Don't expect great results when converting audio files to MIDI because it depends on the conversion software being able to identify the notes in the file - this is very hard even for a single line of melody, let alone a complex piece of music with multiple parts.

Uploading your ringtone to your phone

Once you have exported your file and converted it to another format if necessary, you would typically transfer the file to your cellphone in one of the following ways:

  • via a USB cable
  • via a wireless Bluetooth connection
  • connect a Card Reader (typically USB connected) to your computer then write the ringtone to flash memory storage, for example to a Secure Digital (SD) card which can be used in the phone
  • upload it via the internet (e.g. to a web site, from which you can then download it to your phone). There is a free web service Myxer that allows you to upload MP3, WAV, M4A or WMA files to their site. They then send a text message to your phone with a link to the ringtone, and you download it from the link using your phone's browser.

As an alternative, Mobile Ringtone Converter for Windows includes a Web and WAP (Wireless Application Protocol) server to which you connect with your phone's browser.

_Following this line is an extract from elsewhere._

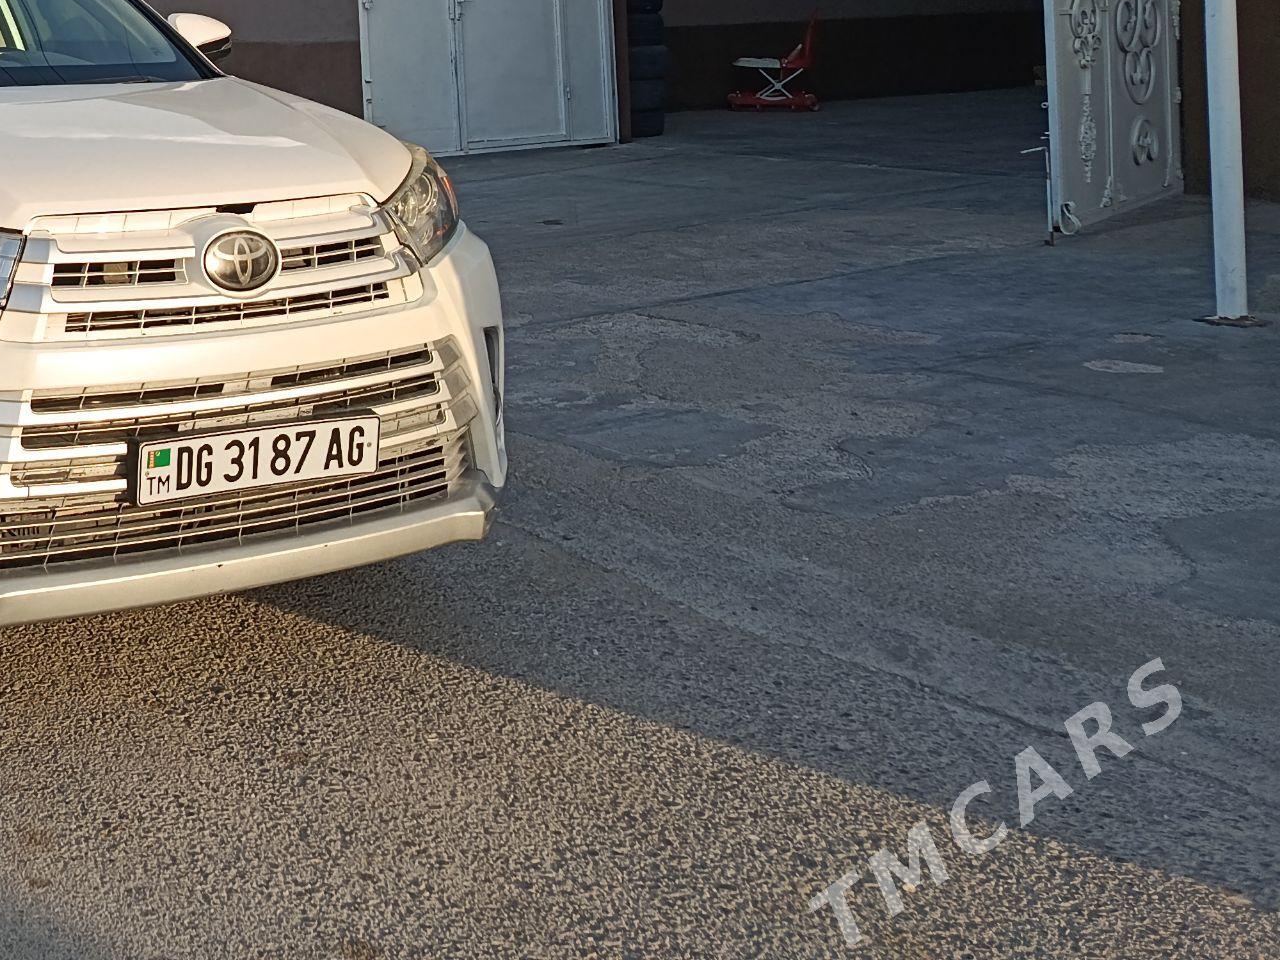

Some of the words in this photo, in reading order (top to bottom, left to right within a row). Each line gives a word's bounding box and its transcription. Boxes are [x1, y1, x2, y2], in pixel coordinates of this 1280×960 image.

[176, 443, 213, 491] DG
[323, 425, 365, 470] AG
[146, 475, 170, 496] TM
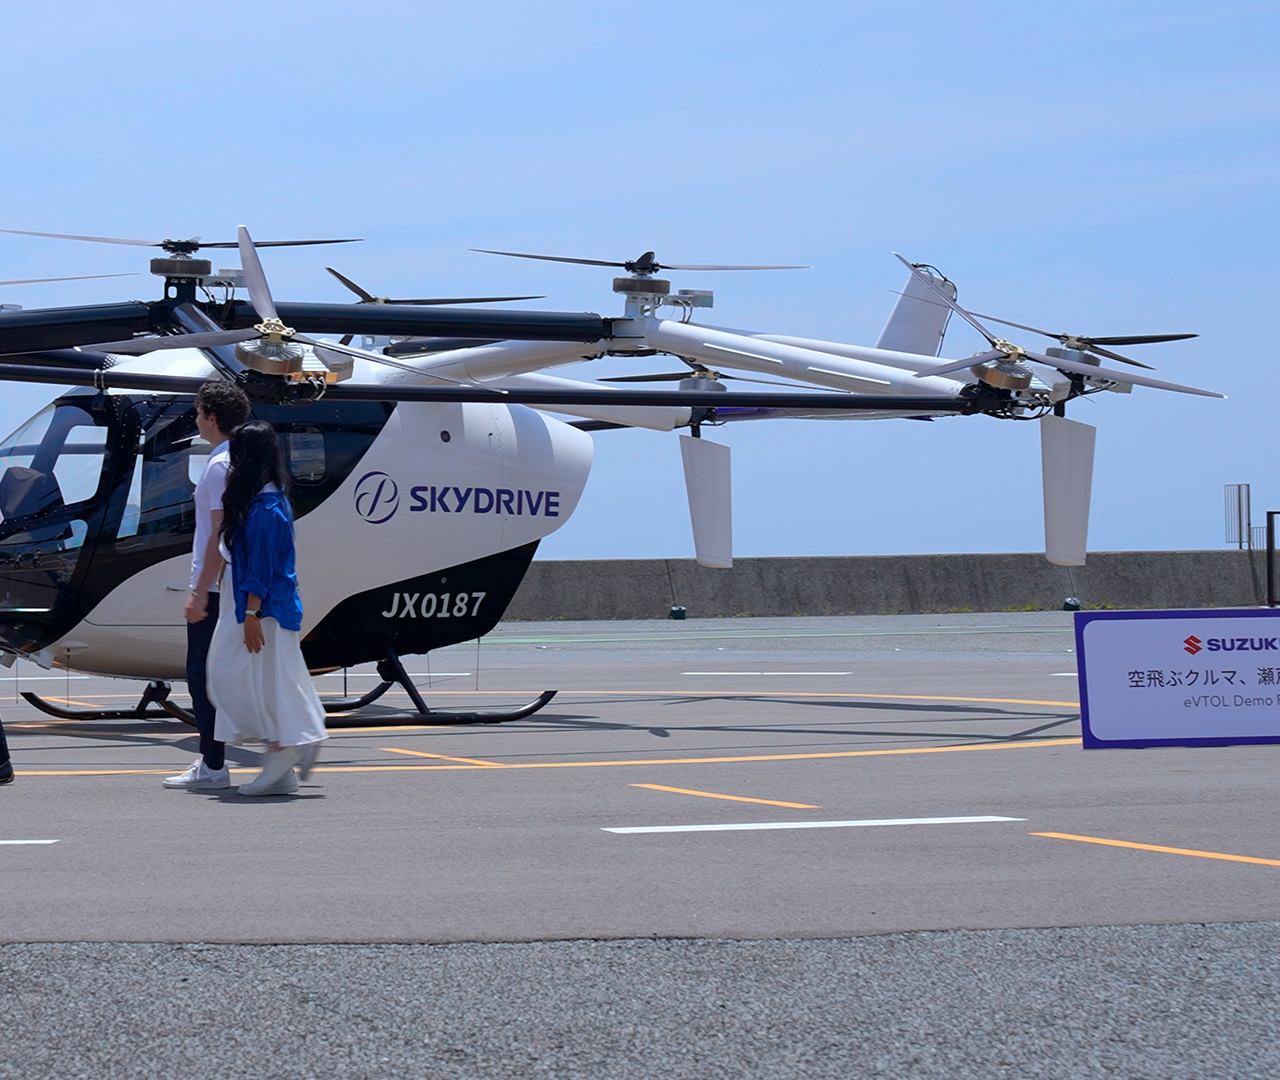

Note that some cellphones and mobile service providers do not allow the user to download customized free ringtones to the phone, see this page for guidance. If in doubt, always look at the manual for your phone for advice on downloading ringtones.

If you find you can't upload custom ringtones to your iPhone, try Sharetones for iPhone by DJ Nitrogen. This is free software based on the Audacity engine and licensed under the GPL. Sharetones allows you to make MP3 ringtones from MP3 or AAC files on your computer, and upload them directly to your iPhone.

Ringtones you produce are synchronized (subject to availability) with DJ Nitrogen's online database of ringtones called "Ringtone Recipes". Users with music files matching existing ringtone recipes can send these directly to their phone or use the audio editor to modify the recipe.

To make a ringtone, the source file must be DRM-free MP3 or AAC. The software automatically applies a fade-in and fade-out to the ringtone, though you can also use some of the other effects familiar to Audacity users. By default, the ringtone produced is 20 seconds long, but you can choose up to 30 seconds for your tone.